Fantastic aren't they! they were £2.50 or so from [email protected] I'd love to find them cheap online too! I'm going to steal Kallans idea for homes though, coco caves! Because my siamese did this to theirs.. All that grassy stuff? Yeah, that was a grass ball the night before :lol: :roll:


----------



## Rhasputin (Feb 21, 2010)

Ahahahh! What was Kallan's idea? 

There's a farm here, that raises rabbits, and they make their own toys and sell them. I think the balls are $1 or $2, which is better than the store . . . 
but it's an hour and a half away, so I make up for it in gas money.


----------



## Onyx (May 2, 2010)

Sorry, had to edit it to say her idea is coco caves, brilliant idea! You can clean them, let them dry and reuse and everything, I use them for my snakes so next time I order some, I'm going to get extra for the mice. They are great for expecting mums too (grass balls), my not PEW doe gave birth in one a few days ago and it's the cutest thing..


----------



## Rhasputin (Feb 21, 2010)

Oh, coconut shells? I have some of those.

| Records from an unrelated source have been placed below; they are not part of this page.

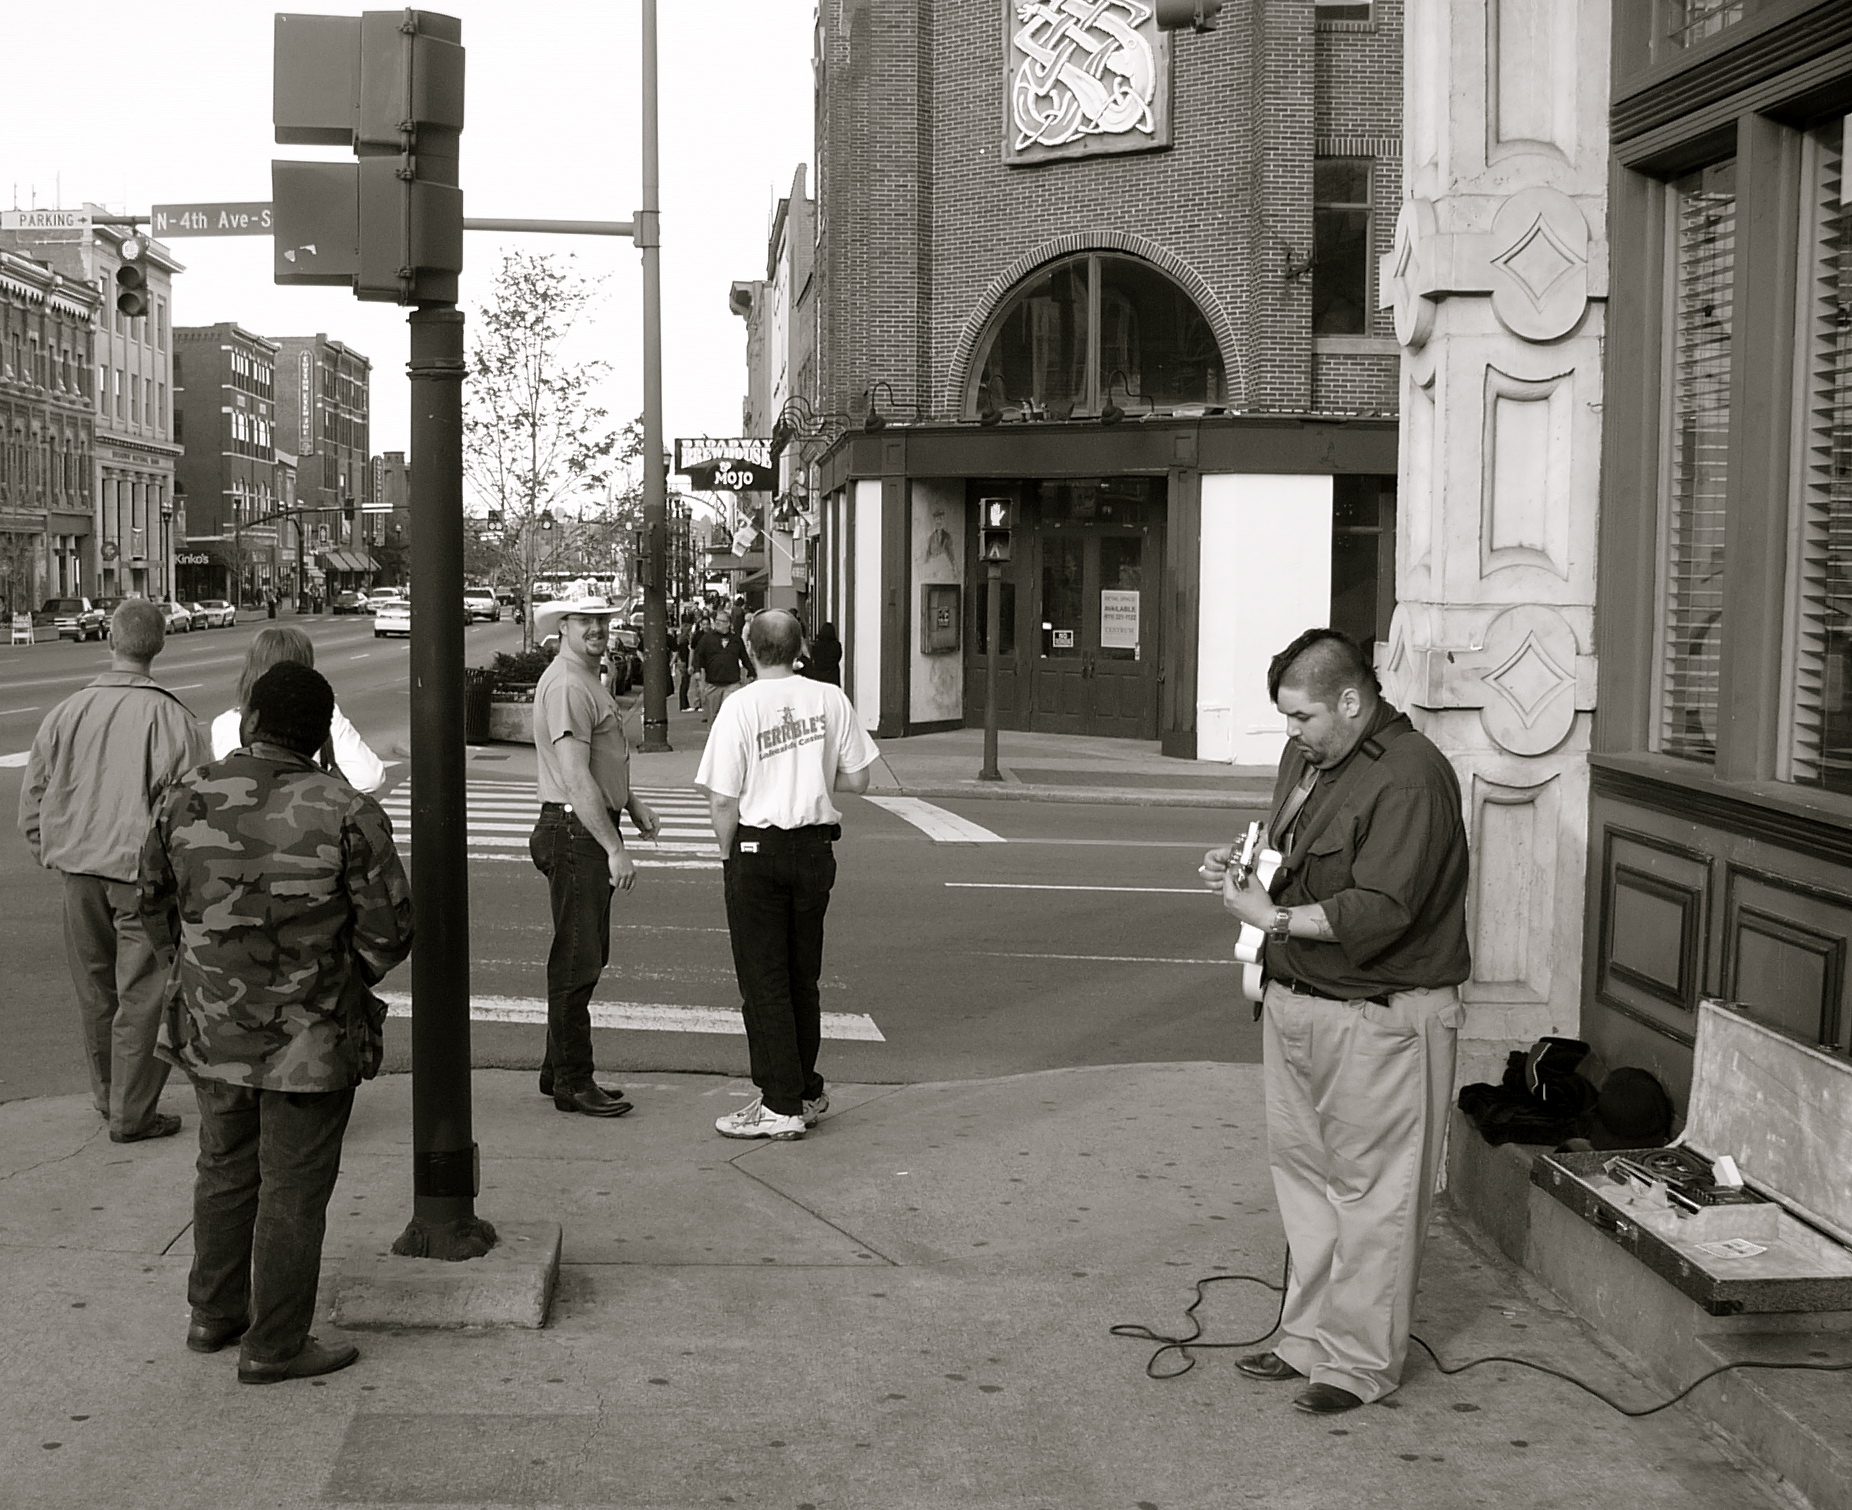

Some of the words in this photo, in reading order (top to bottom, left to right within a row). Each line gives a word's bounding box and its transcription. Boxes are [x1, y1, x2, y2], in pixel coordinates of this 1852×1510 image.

[19, 214, 74, 227] PARKING
[681, 447, 773, 470] BREWHOUSE
[714, 471, 754, 490] MOJO
[174, 552, 209, 565] Kinko's
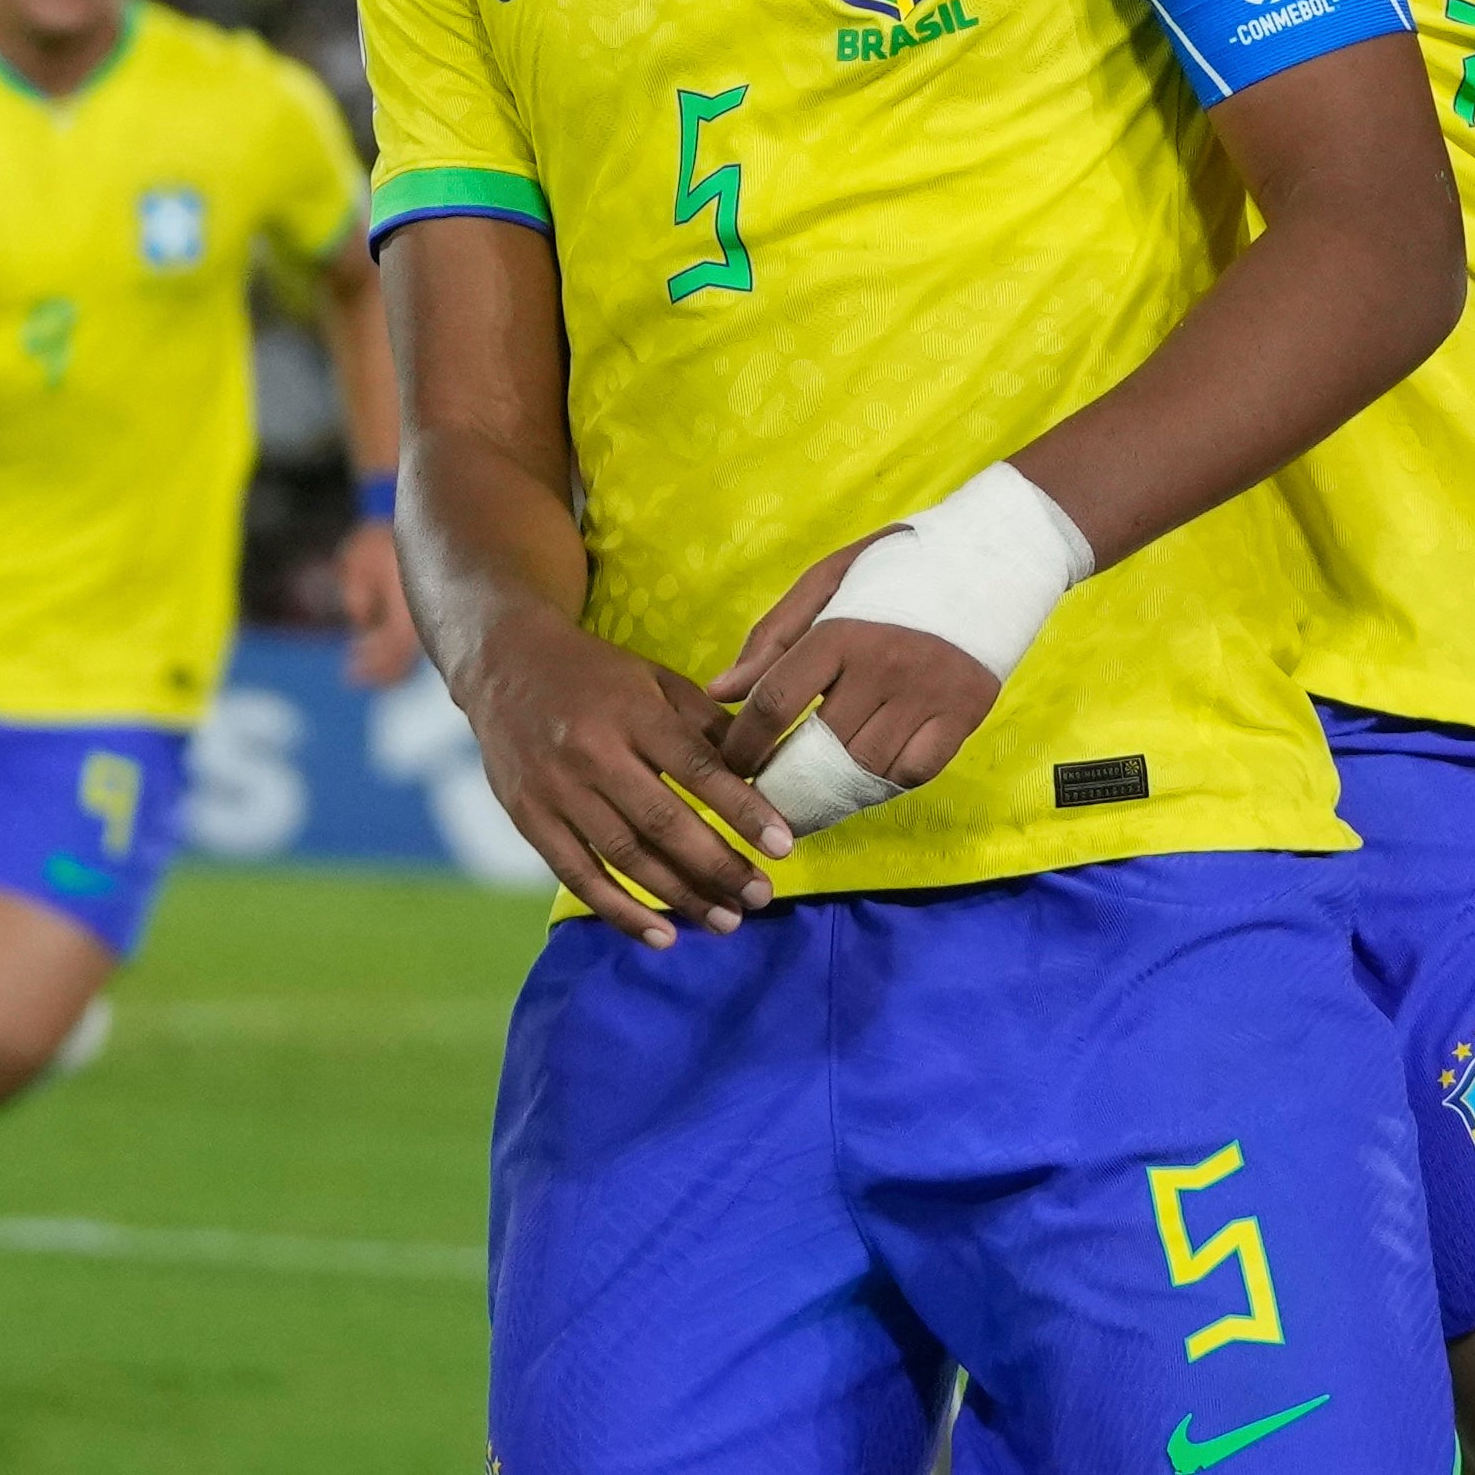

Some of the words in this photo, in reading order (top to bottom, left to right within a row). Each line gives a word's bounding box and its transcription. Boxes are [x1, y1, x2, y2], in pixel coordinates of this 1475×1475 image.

[667, 84, 750, 304] 5
[81, 750, 142, 857] 9
[1146, 1138, 1286, 1363] 5

I know you can buy them in the pet stores here for $3-$4 a piece, OR you can go to the grocery store and buy them for a lot cheaper. :lol:


----------



## Onyx (May 2, 2010)

I get mine from here: http://www.888reptiles.co.uk/productdet ... oupID=1230 not too bad considering that in proper pet shops they are at least triple that!


----------



## miss.understood (Apr 20, 2010)

I'm glad that you're pleased with your mice. Thanks to Kallan for taking them the rest of their journey up country to be with you. It's lovely to see them settling in. I hope that they produce some excellent markings for you, i know the broken black tans will, as they're from my main line and they've never let me down yet!

*hugs* xxx


----------



## windyhill (Jan 19, 2010)

Aww, so cute!


----------



## zany_toon (Apr 3, 2010)

Awwwwww!!!!!!!!!!!!! Why are you and Kallan so mean and teasing me with such cute little mice that are so close to me when I'm banned from anymore?!?!?!?!  It's mean you know!! Especially when you have one little black and tan girl that looks just like my lost girl Nibbler and her grand-daughter Nibblet!


----------



## Onyx (May 2, 2010)

Sorry Zany lol!

Can't wait to pair up the broken black tans, I'm so in love with them <3


----------



## zany_toon (Apr 3, 2010)

Onyx said:


> Sorry Zany lol!
> 
> Can't wait to pair up the broken black tans, I'm so in love with them <3


No wonder you are in love with them - they are beautiful! And I'll forgive you if you promise lots of photos!!


----------



## miss.understood (Apr 20, 2010)

:lol: *feels smug about my broken black tan lines* :lol:


----------



## Onyx (May 2, 2010)

I'm dead impressed with your broken black lines! They are SO friendly and adorable. The two girls are a bundle of fun. We have a new game where they constantly try to escape and I constantly try catching them, they think it is fantastic! It's not done in a "I must get away as fast as possible" way, they wait for my hand to catch them and climb on as if to say "Okay, you got me!", then they're off again. One girl, which I have named Moomin, is totally smitten with one of Kallans Siamese (daddy to our lot miss.) who is tubbed next to her and is determined that as soon as I open her tub, she IS going to make it over to introduce herself. Little hussy! :lol:


----------



## zany_toon (Apr 3, 2010)

miss.understood said:


> :lol: *feels smug about my broken black tan lines* :lol:


Rightly so! They are beautiful!!

Lol! Sounds like you have your hands full Onyx - especially with the little hussy :lol: One of my girls is like that. Daisy makes a beeline for the boys and loves to wind them up. She escaped twice and I found her trying to get into the cage of her nephews!


----------



## unicorn (Feb 14, 2010)

Sounds like the Siamese are going down a treat


----------



## Kallan (Aug 16, 2009)

Yup Unicorn - it's havoc down here now, we all want some!!! :lol:


----------



## Onyx (May 2, 2010)

Just wish they'd get to making me some babbers lol! looking lovely though, their points are coming on nicely.. I'll grab some new piccers!


----------